__Exercise directions__. Except for the pictures, reproduce the records word for word.
== Available data
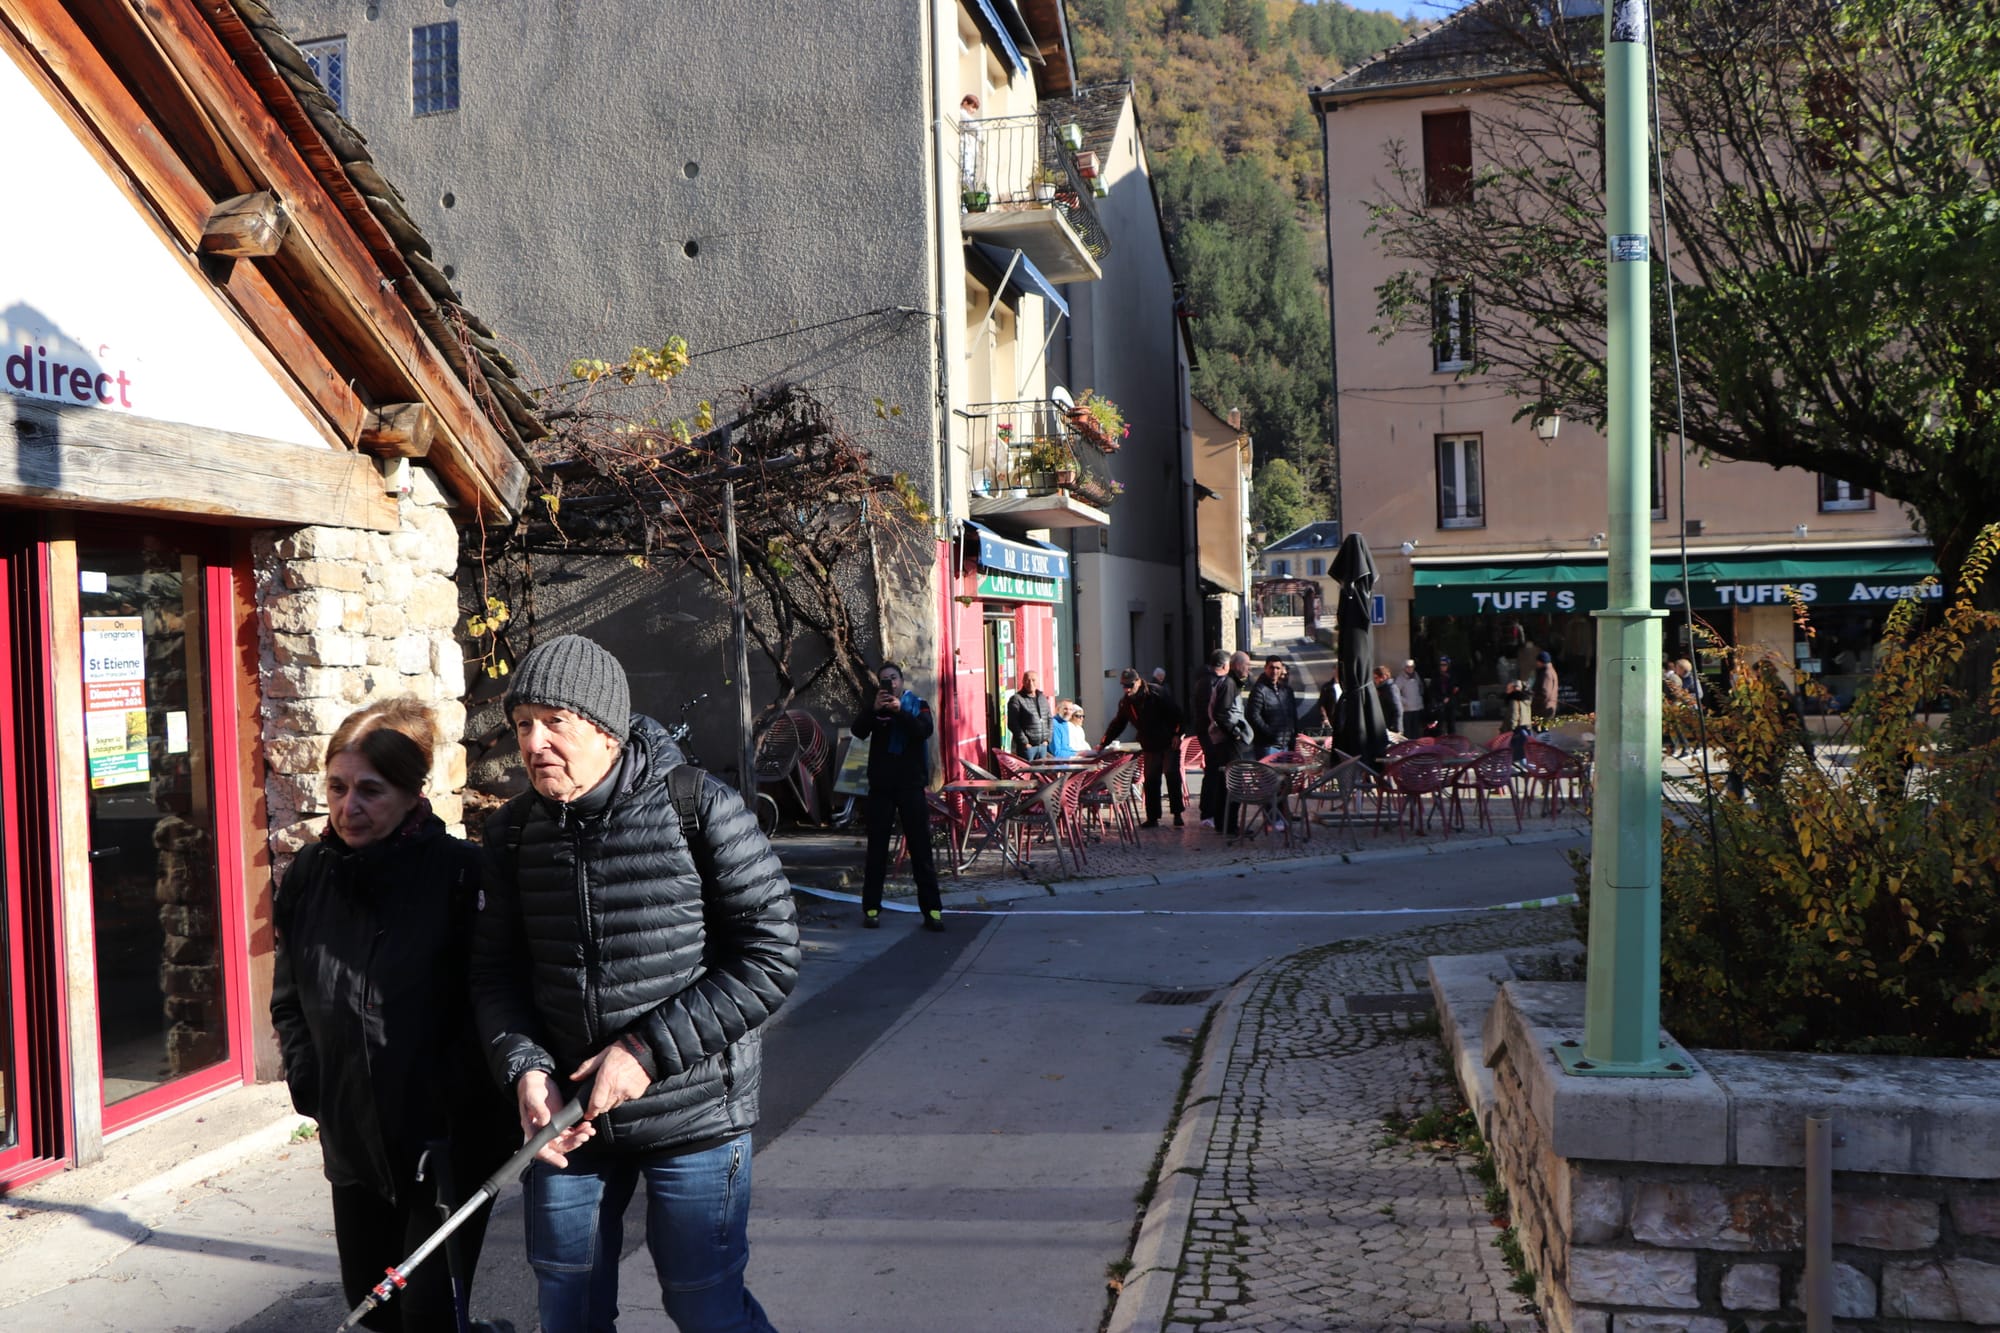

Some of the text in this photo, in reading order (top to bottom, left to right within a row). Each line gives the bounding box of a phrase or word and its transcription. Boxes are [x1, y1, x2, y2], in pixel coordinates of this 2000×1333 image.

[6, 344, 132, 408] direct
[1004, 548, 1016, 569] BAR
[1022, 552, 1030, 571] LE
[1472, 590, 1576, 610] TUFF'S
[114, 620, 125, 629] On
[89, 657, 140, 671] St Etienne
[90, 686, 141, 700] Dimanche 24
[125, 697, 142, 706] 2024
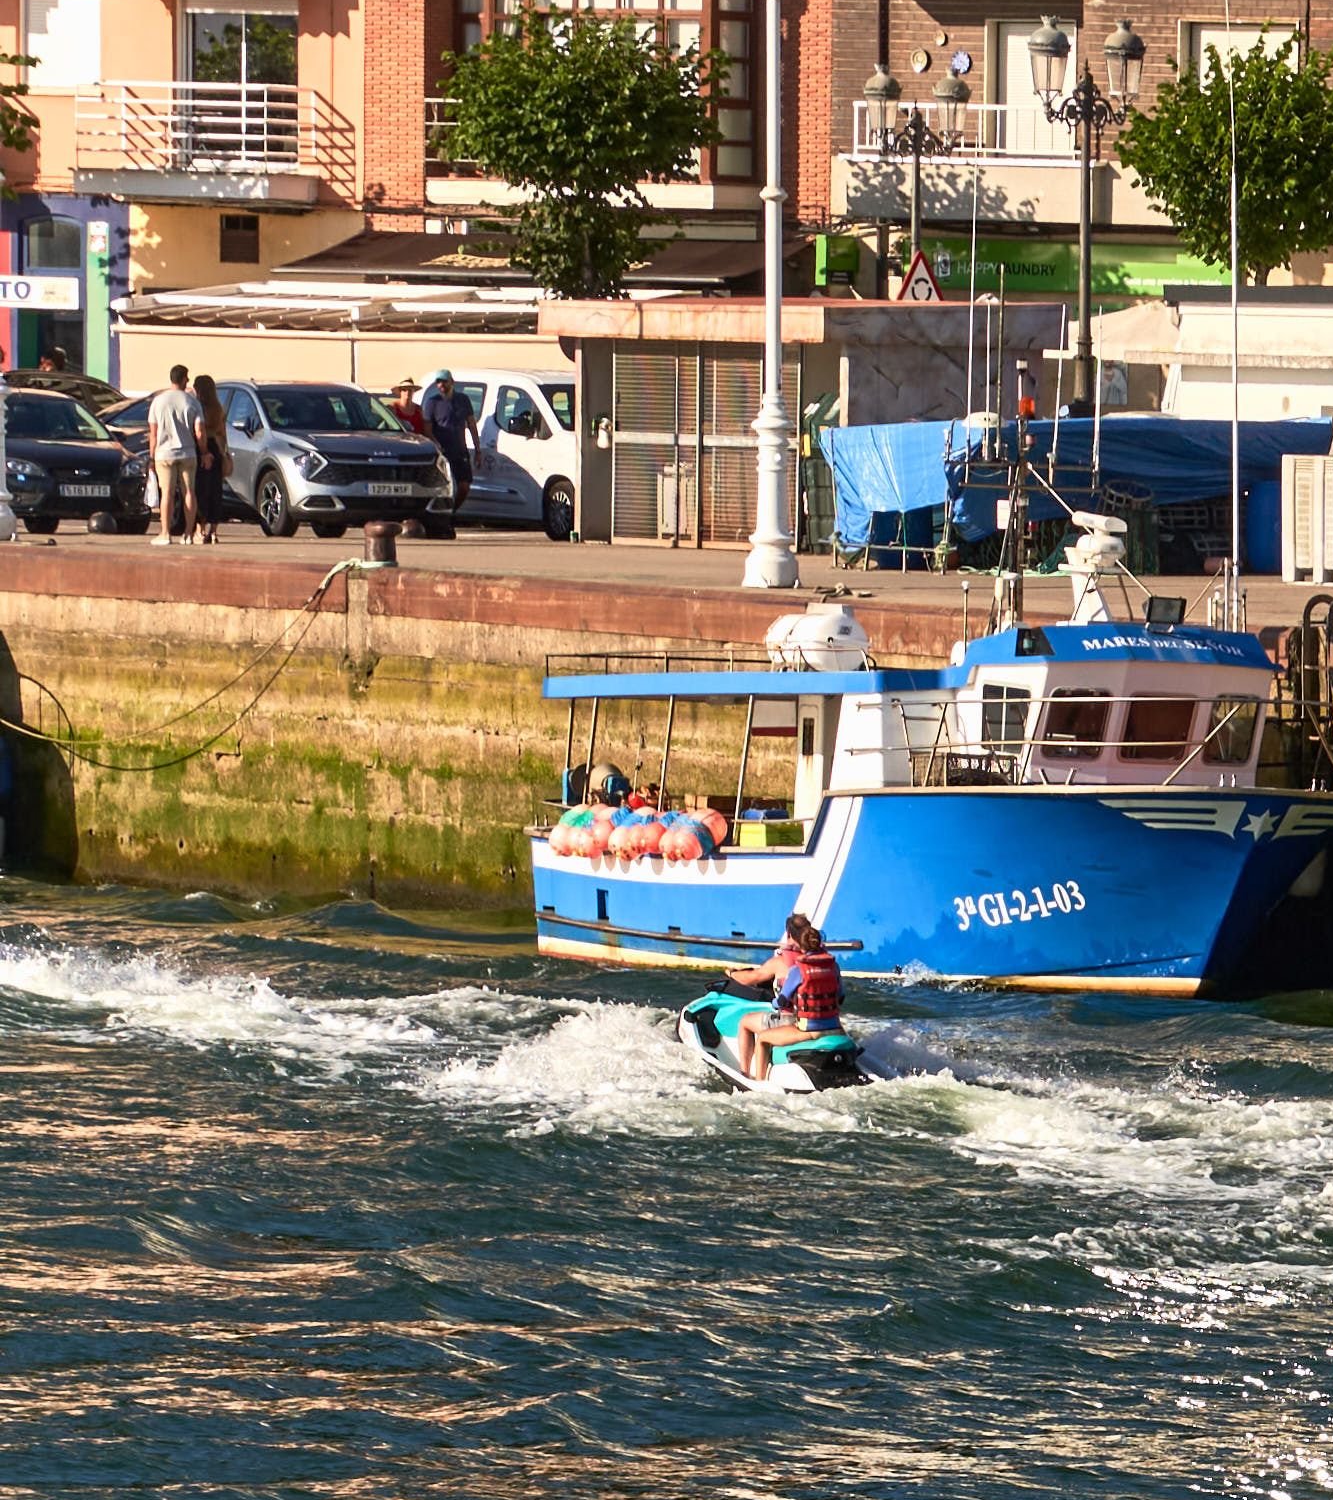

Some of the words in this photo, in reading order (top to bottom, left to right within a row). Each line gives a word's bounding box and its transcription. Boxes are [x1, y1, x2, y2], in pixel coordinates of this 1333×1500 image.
====
__Exercise result__.
Some of the text in this photo, in reading order (top to bottom, left to right within a row). Each line gives the bounding box of a phrase or word and its transcription. Boxes are [x1, y1, x2, y2], in pixel coordinates of this 2000×1333 image.

[6, 344, 132, 408] direct
[1004, 548, 1016, 569] BAR
[1022, 552, 1030, 571] LE
[1472, 590, 1576, 610] TUFF'S
[114, 620, 125, 629] On
[89, 657, 140, 671] St Etienne
[90, 686, 141, 700] Dimanche 24
[125, 697, 142, 706] 2024

Some of the words in this photo, in reading order (top to bottom, left to right within a row). Each line gives a word's bounding box and its transcription. Boxes are [x1, y1, x2, y2], in pixel coordinates of this 1333×1500 image.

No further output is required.